Antes de aplicar la muestra en la membrana es necesario desnaturalizarla. Para ello, a 5 \mul de muestra se le añadieron 3 \mul de SSC 20x y 2 \mul de formaldehído 37% y se incubó a 60ºC durante 15 minutos. Se aplicaron 5 \mul en la membrana de nylon y los RNAs se fijaron con un UV crosslinker (700 x 100 \muJ/cm^{2}). A continuación se incubó la membrana inicialmente con un tampón de hibridación (50% formamida, SSC 5x, 0.1% N-Laurosylsarcosine, 0.02% SDS, Blocking reagent solution) a 68ºC durante 1 hora y posteriromente con la sonda diluida en dicho tampón a 68ºC (sonda RNA) o 50ºC (sonda DNA) y durante 5 horas mínimo. Transcurrido este tiempo la membrana se lavó dos veces durante 5 minutos en SSC 2X/SDS 0.1% a temperatura ambiente seguido de dos lavados de 15 minutos a 68ºC en SSC 0.1X/SDS 0.1%. El resto del proceso se realizó a temperatura ambiente. A continuación la membrana se incubó 5 minutos en tampón de lavado (TL: 0.1 M ácido maleico pH 7.5, 0.15 M cloruro sódico, 0.3% Tween 20). Seguidamente se bloqueó la membrana durante 30 minutos con 0.1 M ácido maleico pH 7.5, 0.15 M cloruro sódico + Blocking 1X y luego se incubó con el anticuerpo durante 30 minutos (Anti digoxigenin-AP Fab fragments (1:10000)).
Finalmente la membrana se lavó con TL dos veces durante 15 minutos, 5 minutos con un tampón que contenía 0.1 M Tris pH 9.5, 0.1 M NaCl y se incubó con el sustrato disuelto en este mismo tampón 5 minutos, se eliminó el exceso de líquido y la membrana se expuso frente a una película autorradiográfica durante 15-25 minutos.
Seguidamente se realizaron las pruebas pertinentes para comprobar que nuestra polisonda era al menos igual de sensible que cada una de las sondas individuales. Para ello, se llevaron a cabo análisis tipo dot-blot utilizando muestras infectadas de manera individual con cada uno de los virus a detectar. Los resultados mostrados en la Fig. 3 ponen claramente de manifiesto que la polisonda obtenida como resultado de la presente invención es capaz de reconocer todos y cada uno de los seis virus representados en ella tras el análisis de una infección múltiple simulada. El análisis de muestras de albaricoquero recogidas al azar de plantaciones comerciales (Fig. 4) demuestra la utilidad de la polisonda en la detección de cualquiera de los virus representados en ella.

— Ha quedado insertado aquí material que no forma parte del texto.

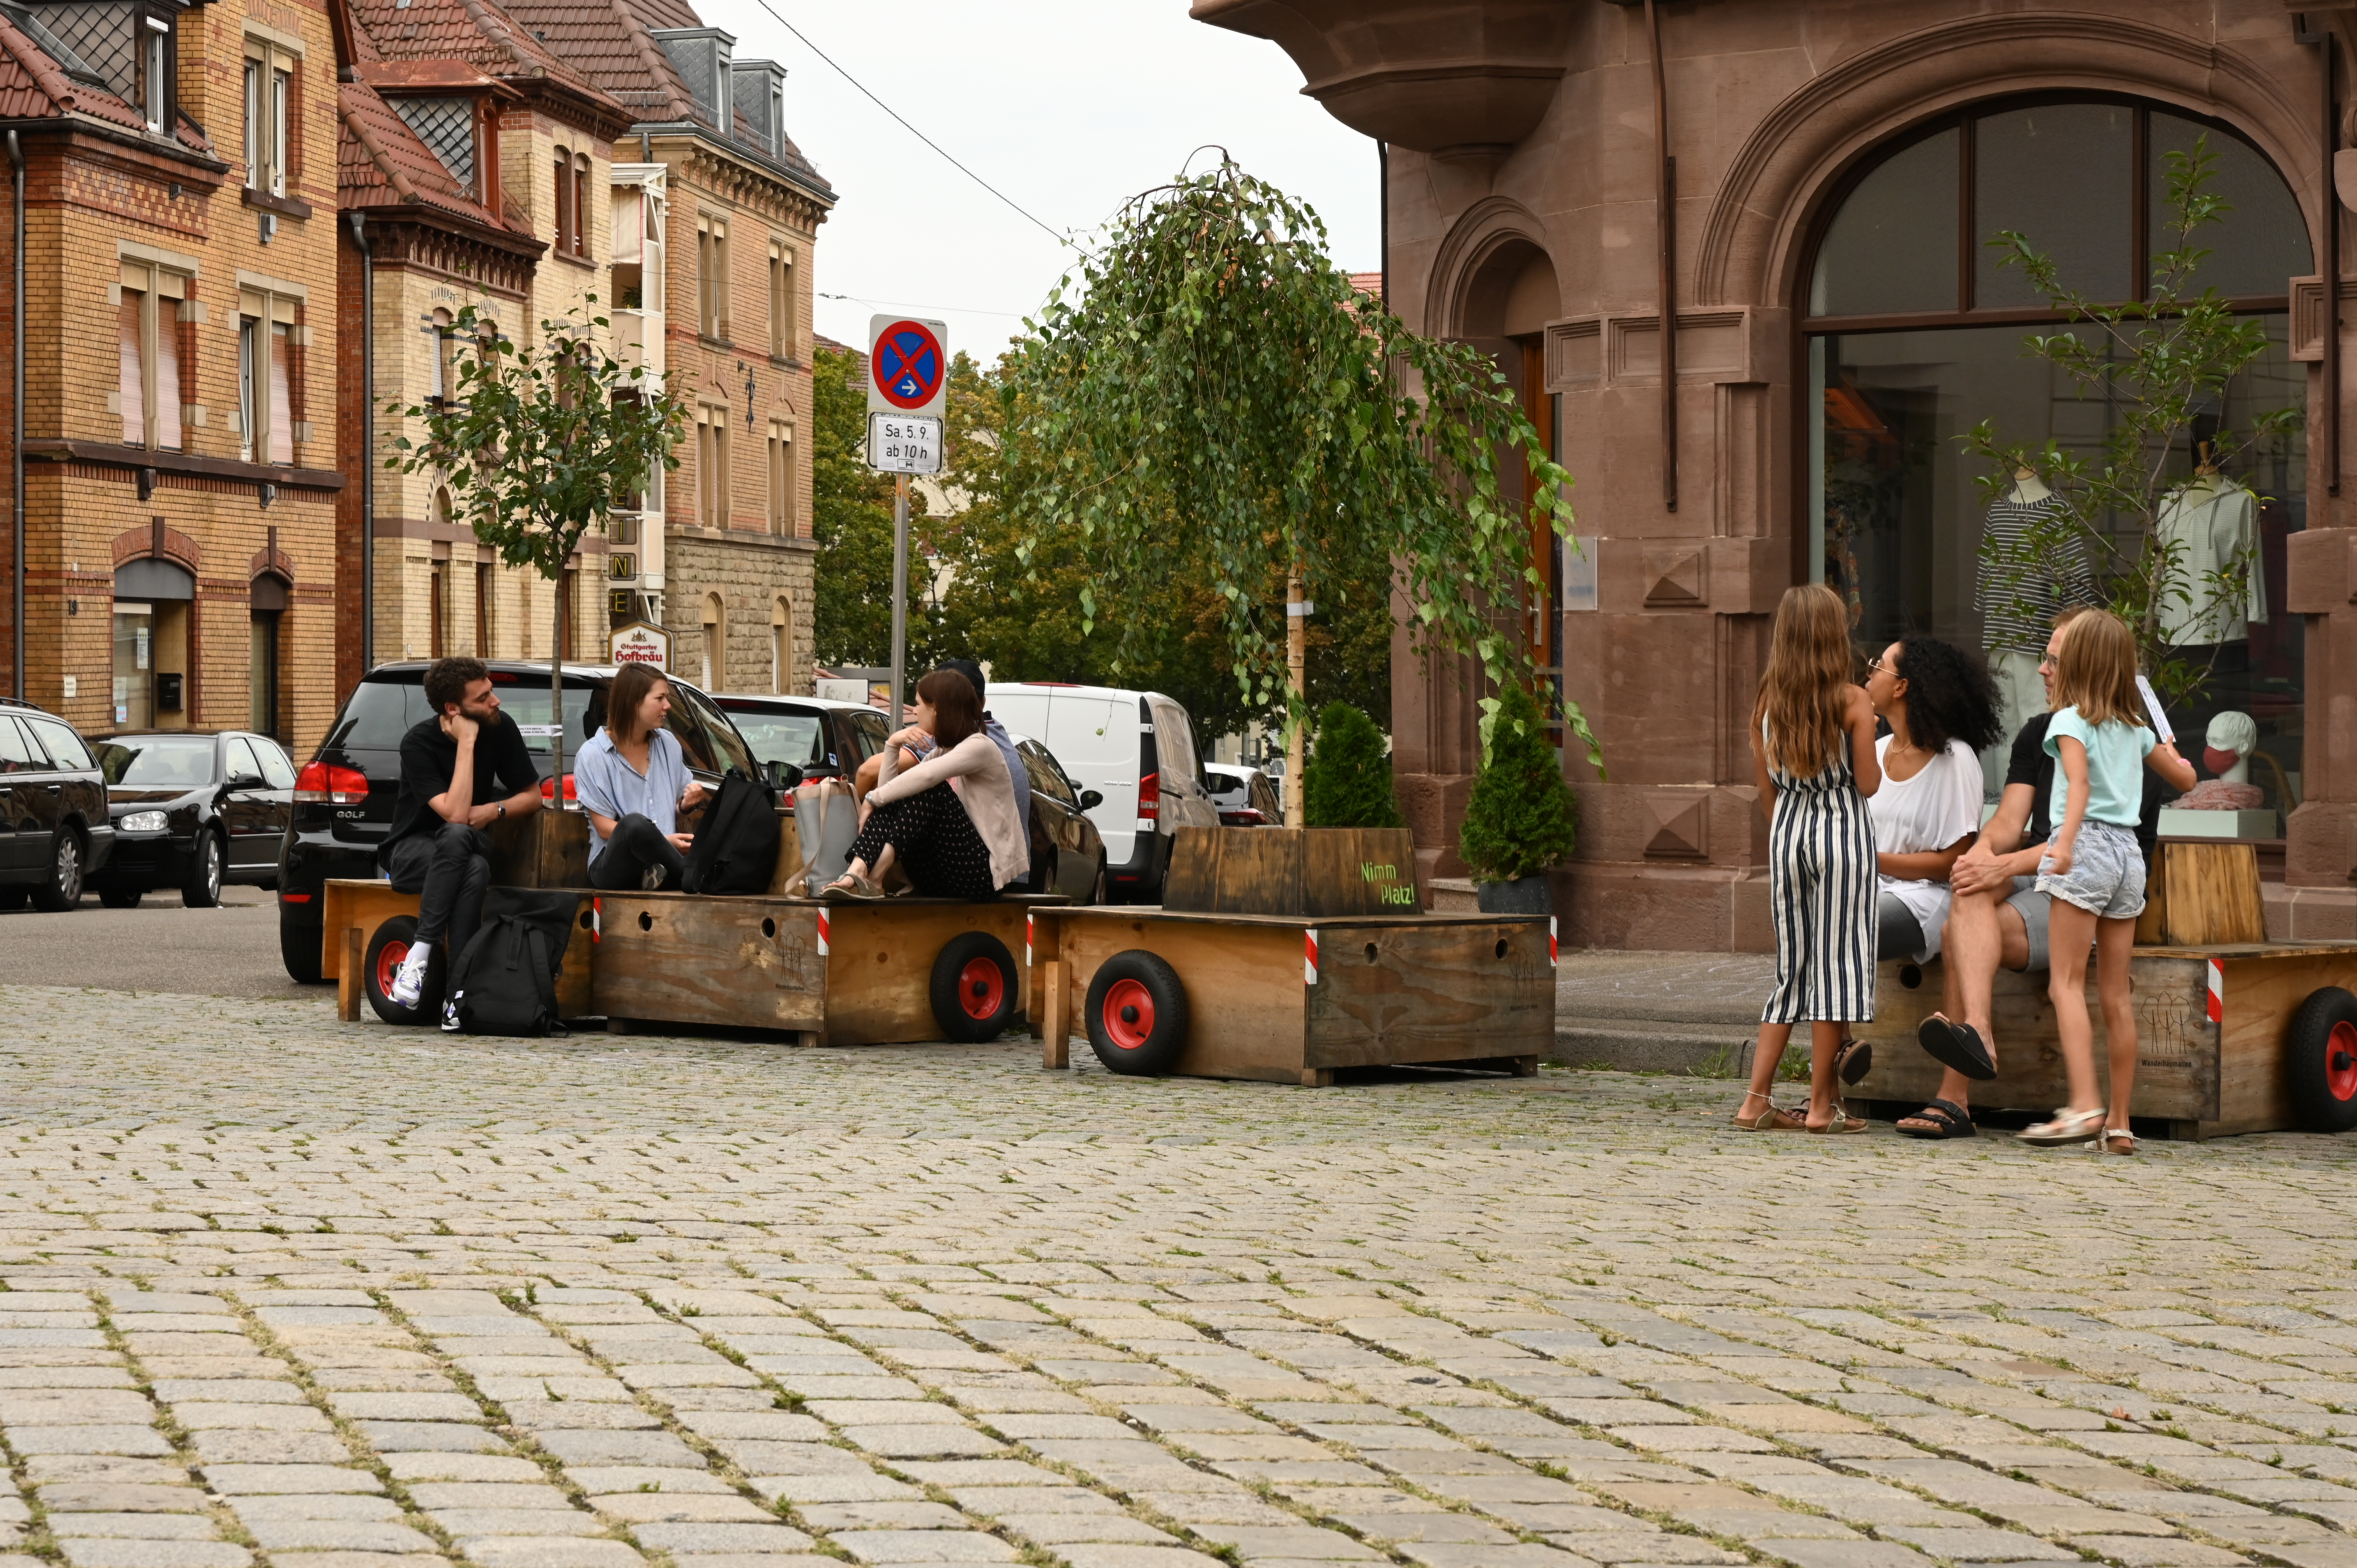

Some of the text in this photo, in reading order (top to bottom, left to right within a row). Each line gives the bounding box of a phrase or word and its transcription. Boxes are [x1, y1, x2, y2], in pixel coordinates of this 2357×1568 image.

Ejemplo 2 Evaluación del estado sanitario de bancos de germoplasma
El mantenimiento de la biodiversidad es un problema importante que ha ido adquiriendo relevancia de forma progresiva en nuestra sociedad. La conservación de la biodiversidad, puede aplicarse a tres niveles de organización: génica, organísmica y ecológica. Sin embargo, y a pesar de los avances de la ingeniería genética, de momento los genes no se conservan de forma individual sino formando parte de organismos, poblaciones o ecosistemas.
A pesar de que se asume de forma universal que el método más efectivo y eficiente para la conservación es la protección de los habitats también está reconocido que las técnicas de conservación ex situ complementan a las anteriores almacenando germoplasma representativo de las poblaciones a largo plazo y aportando una serie de ventajas claras tales como el control directo sobre el material, fácil accesibilidad y disponibilidad.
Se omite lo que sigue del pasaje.